━━━ RECORDS PROVIDED ━━━

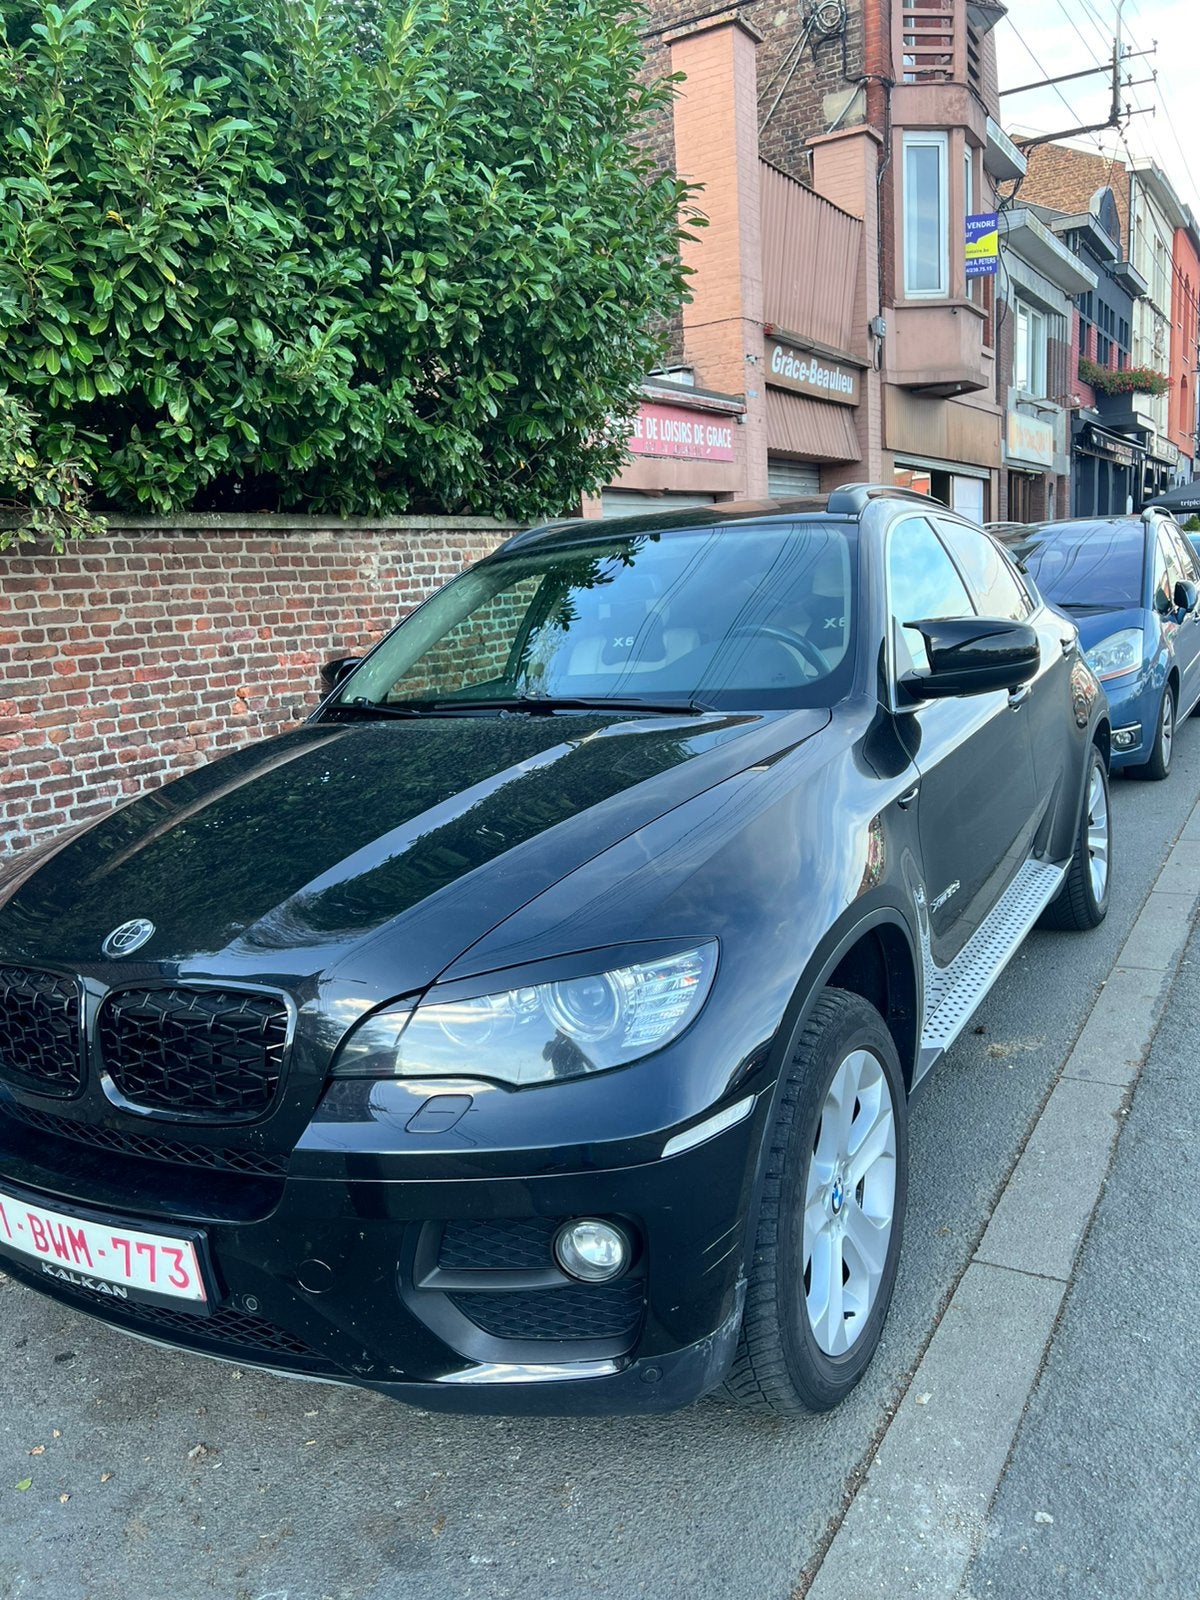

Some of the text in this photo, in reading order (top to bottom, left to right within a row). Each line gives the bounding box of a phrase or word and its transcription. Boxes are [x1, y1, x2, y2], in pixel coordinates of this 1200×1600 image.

[966, 220, 996, 229] VENDRE
[771, 345, 854, 394] Grâce-Beaulieu
[645, 417, 658, 440] DE
[660, 419, 692, 444] LOISIRS
[693, 423, 705, 446] DE
[706, 426, 732, 448] GRACE
[612, 636, 635, 648] X6
[0, 1201, 190, 1289] 1-BWM-773
[41, 1261, 128, 1298] KALKAN
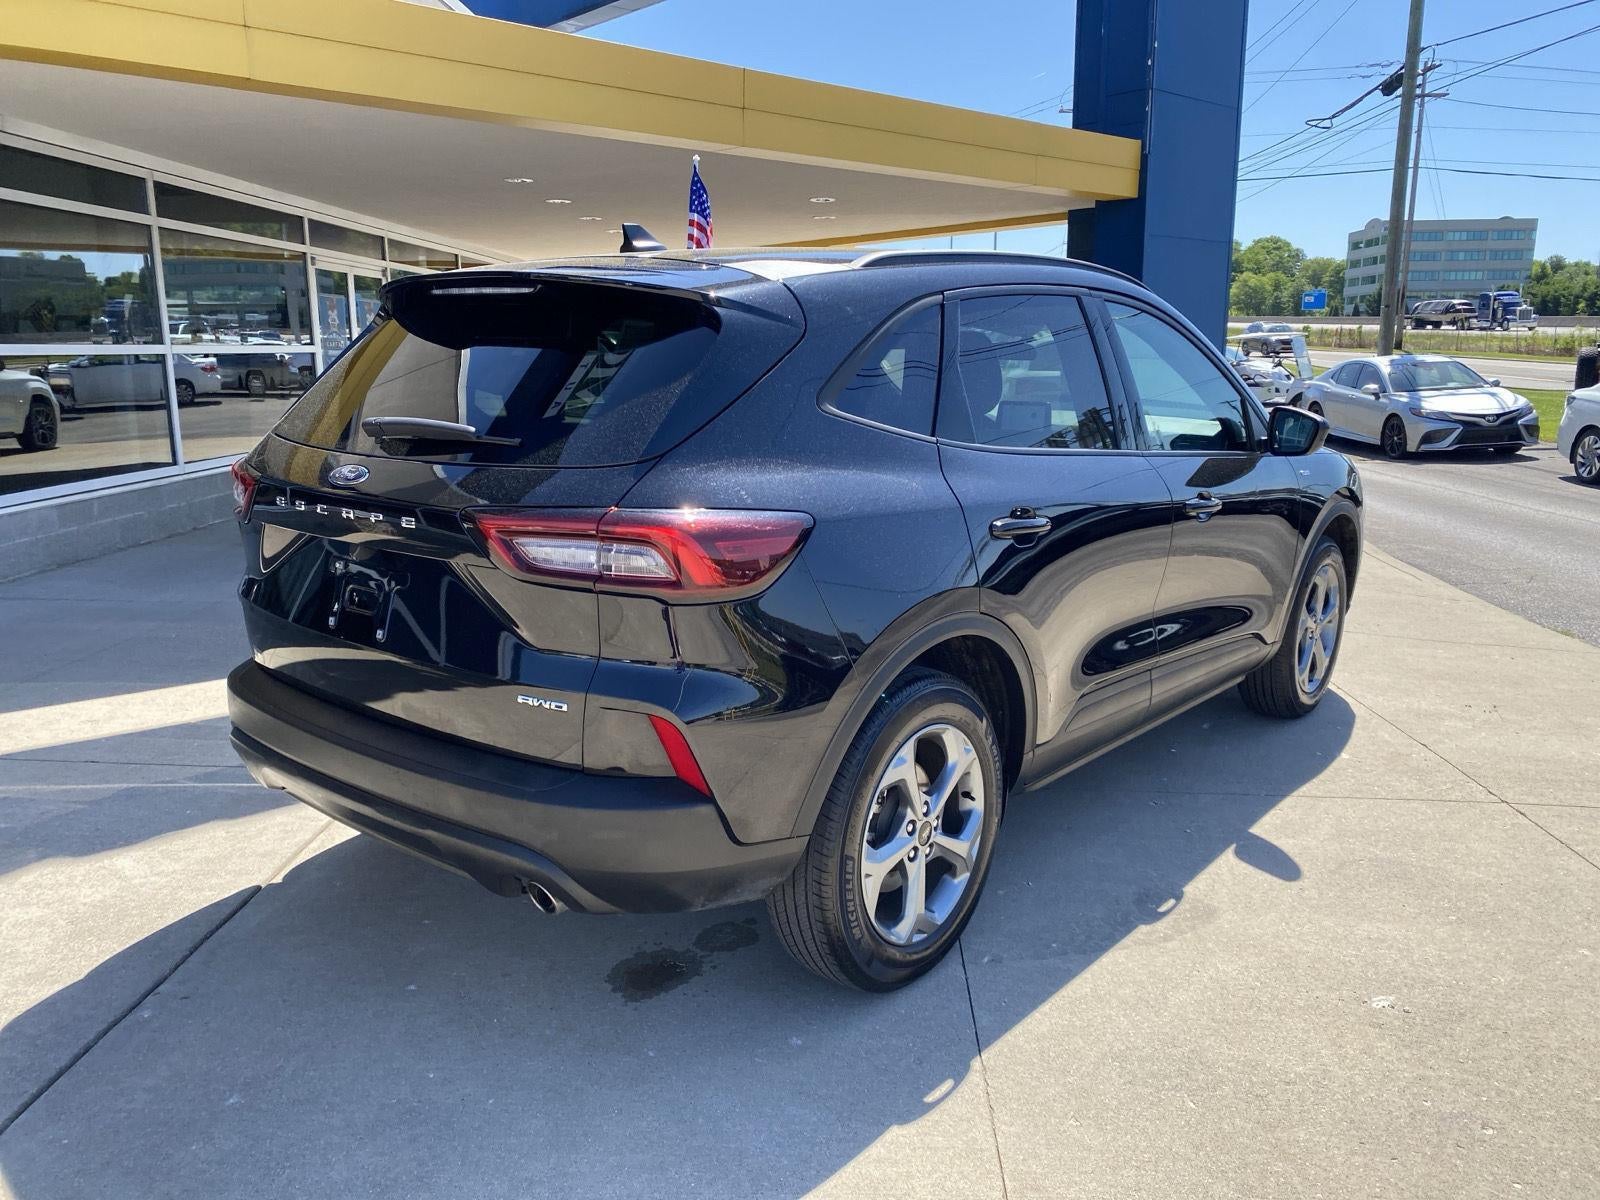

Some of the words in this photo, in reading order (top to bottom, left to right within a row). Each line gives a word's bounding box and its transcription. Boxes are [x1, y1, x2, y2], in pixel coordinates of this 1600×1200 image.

[275, 495, 416, 529] ESCAPE
[516, 694, 568, 712] AWD
[846, 858, 863, 941] MICHELIN

━━━

__YOUR INSTRUCTIONS__
Copy out exactly the lines from the one containing "Some of the words" through the last line above, keeping both end lines.

__TASK OUTPUT__
Some of the words in this photo, in reading order (top to bottom, left to right within a row). Each line gives a word's bounding box and its transcription. Boxes are [x1, y1, x2, y2], in pixel coordinates of this 1600×1200 image.

[275, 495, 416, 529] ESCAPE
[516, 694, 568, 712] AWD
[846, 858, 863, 941] MICHELIN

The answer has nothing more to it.